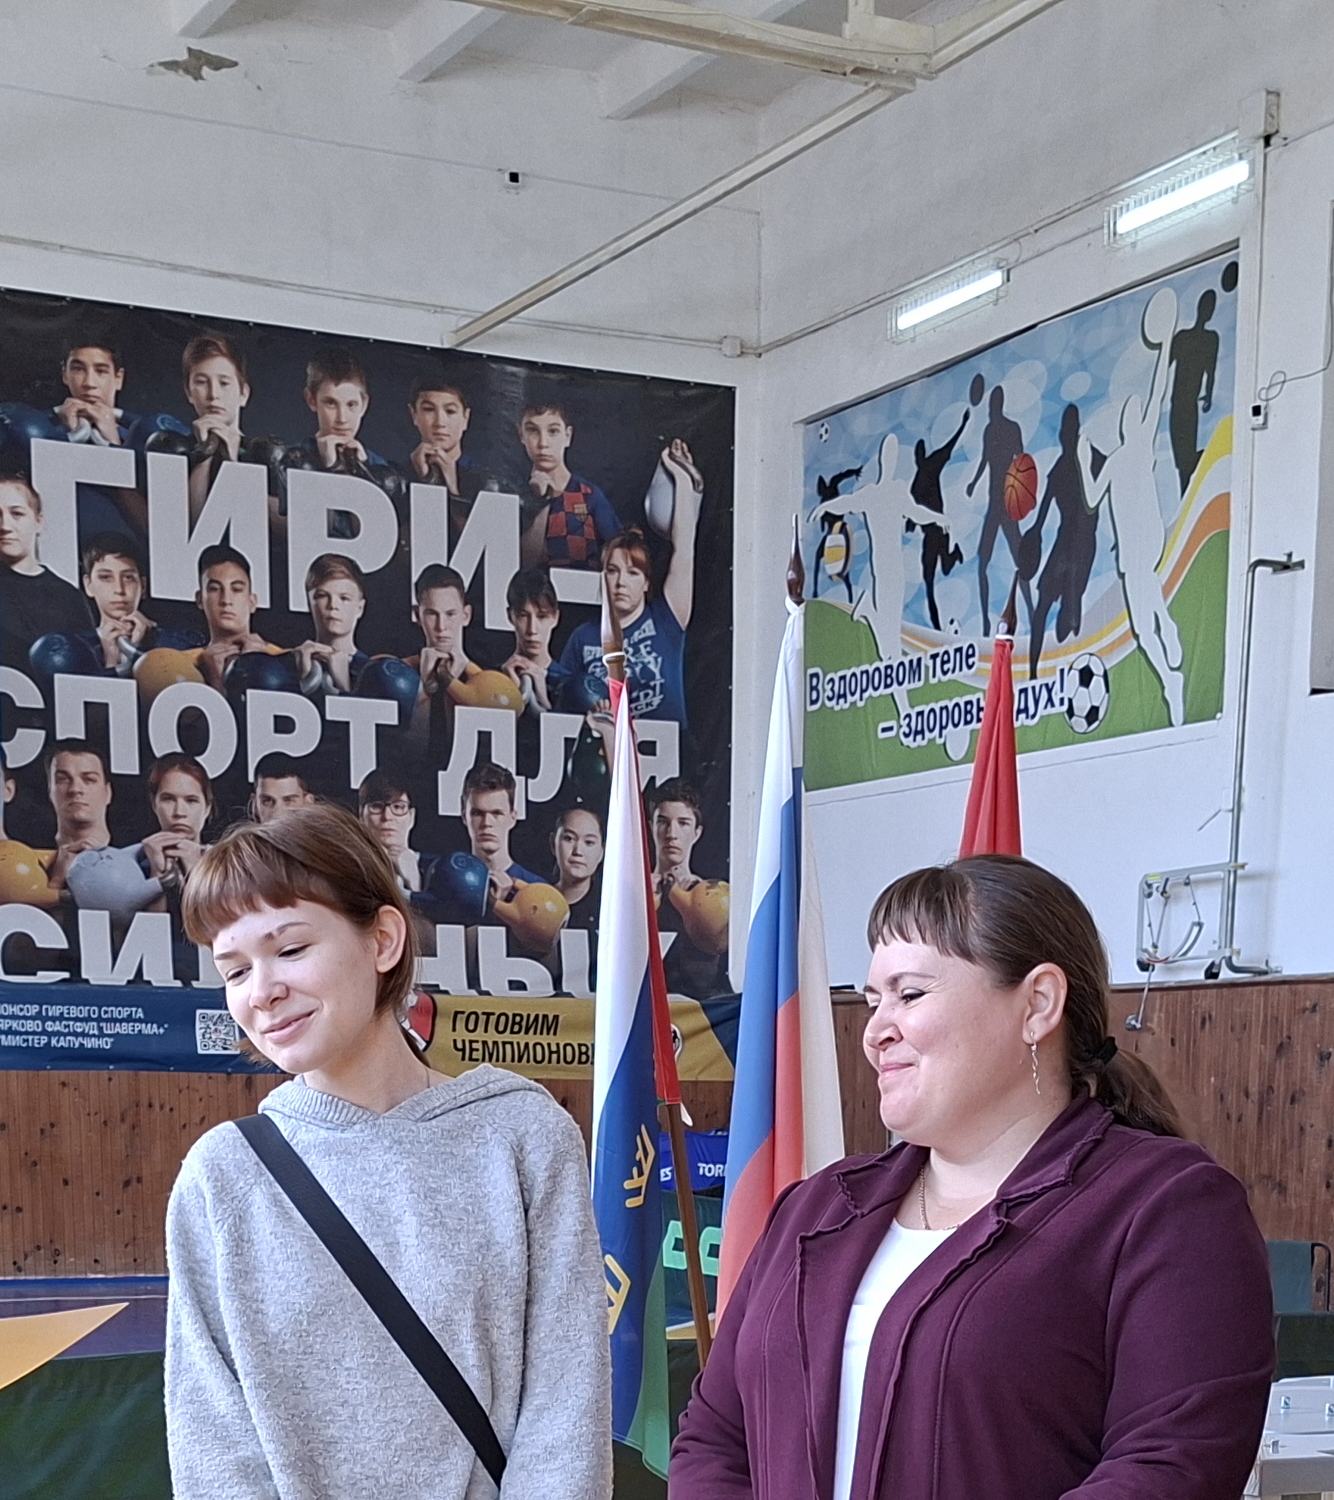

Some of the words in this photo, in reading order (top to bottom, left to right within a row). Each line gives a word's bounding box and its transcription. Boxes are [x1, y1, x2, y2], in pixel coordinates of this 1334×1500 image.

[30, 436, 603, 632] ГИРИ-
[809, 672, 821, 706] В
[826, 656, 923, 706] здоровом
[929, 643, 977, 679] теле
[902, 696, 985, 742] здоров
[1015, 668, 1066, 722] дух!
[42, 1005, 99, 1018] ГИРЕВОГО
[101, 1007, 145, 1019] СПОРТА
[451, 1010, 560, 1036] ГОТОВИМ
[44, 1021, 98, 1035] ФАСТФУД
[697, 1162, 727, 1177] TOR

### Your assignment
Reproduce each entry above word for word. Pictures are not part of the copy.

### Exercise answer
Some of the words in this photo, in reading order (top to bottom, left to right within a row). Each line gives a word's bounding box and its transcription. Boxes are [x1, y1, x2, y2], in pixel coordinates of this 1334×1500 image.

[30, 436, 603, 632] ГИРИ-
[809, 672, 821, 706] В
[826, 656, 923, 706] здоровом
[929, 643, 977, 679] теле
[902, 696, 985, 742] здоров
[1015, 668, 1066, 722] дух!
[42, 1005, 99, 1018] ГИРЕВОГО
[101, 1007, 145, 1019] СПОРТА
[451, 1010, 560, 1036] ГОТОВИМ
[44, 1021, 98, 1035] ФАСТФУД
[697, 1162, 727, 1177] TOR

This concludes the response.